Rejeitou, ainda, que estivesse em causa qualquer obrigação natural, por parte da ré; e observou que a prova de que as partes acordaram em que a restituição à ré das quantias por esta emprestadas “seria efectuada através da transmissão da titularidade (…) da fracção (…) “faz(…) inculcar a ideia que as partes tiveram em vista ou uma promessa de dação em cumprimento (… ) ou uma novação (…), sendo certo, no entanto, que em nenhuma dos casos o negócio se mostra cumprido, pelo que permanece incólume a obrigação inicial – restituição decorrente do mútuo ou da nulidade do mesmo –, quanto mais não seja por perda do interesse do credor – neste caso a ré – na respectiva prestação – artº 808º, nº 1, do Código Civil”.

  1. Em 28 de Maio de 2013, o autor recorreu para a Relação e apresentou alegações nas quais, por entre o mais, insistiu em que nunca a ré lhe tinha emprestado dinheiro, “ficando ele obrigado a restituir outro tanto” (fls 336): “Em suma, não pode ser considerado um contrato de mútuo, aquele contrato mediante o qual uma das partes se obriga a liquidar as amortizações de um empréstimo bancário contraído para aquisição de um imóvel, obrigando-se a outra parte a vender-lhe ou a quem ela indicar o imóvel objecto do referido empréstimo” fls. 337). Vir a parte que se obrigou a liquidar as referidas amortizações, mais tarde exigir de outra a restituição dos montantes prestados, sem que nunca interpele a mesma para proceder à venda do imóvel como havia ficado acordado, constitui litigância de má-fé por parte daquela” Pelo acórdão do Tribunal da Relação de Coimbra de fls. 393, de 14 de Janeiro de 2014, a sentença foi revogada. O autor foi absolvido do pedido reconvencional e a ré foi condenada a pagar-lhe a quantia de € 17.457,93, com juros contados desde a citação.

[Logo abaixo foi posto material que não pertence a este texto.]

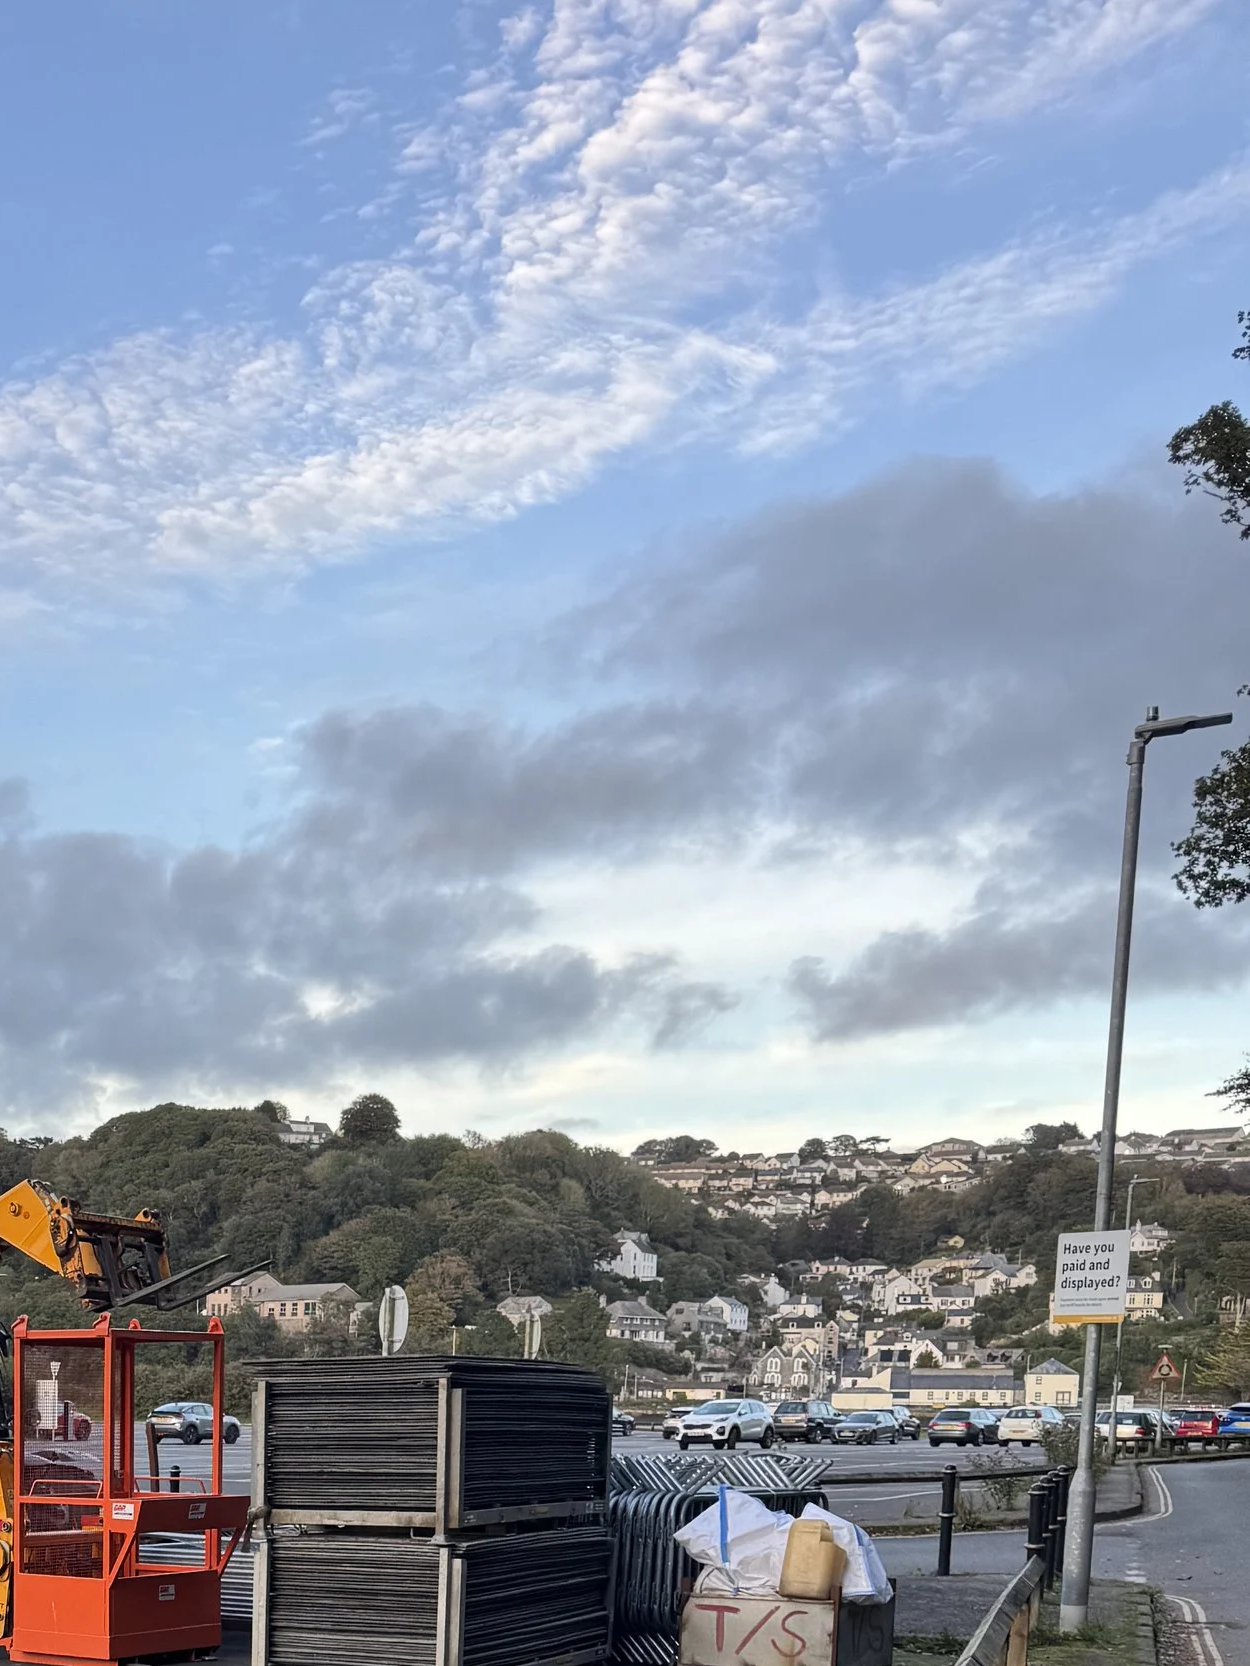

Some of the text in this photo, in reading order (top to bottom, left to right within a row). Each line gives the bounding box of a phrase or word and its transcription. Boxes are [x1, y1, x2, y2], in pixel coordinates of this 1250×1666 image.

[1063, 1243, 1115, 1256] Have you
[1062, 1258, 1110, 1274] paid and
[1061, 1276, 1120, 1291] displayed?
[695, 1604, 809, 1657] T/S

    Em síntese, a Relação, alterando alguns pontos da decisão de facto, considerou que a ré não tinha conseguido fazer prova do contrato de mútuo que invocara: «Ora, vista a factualidade apurada nos autos (…), facilmente se conclui que a reconvinte não logrou fazer prova da existência do invocado vínculo contratual. Com efeito, independentemente da qualificação jurídica do acordo celebrado entre a reconvinte e o autor reconvindo, tal como emerge da factualidade apurada – afigurando-se ter aquele actuado como “figura de...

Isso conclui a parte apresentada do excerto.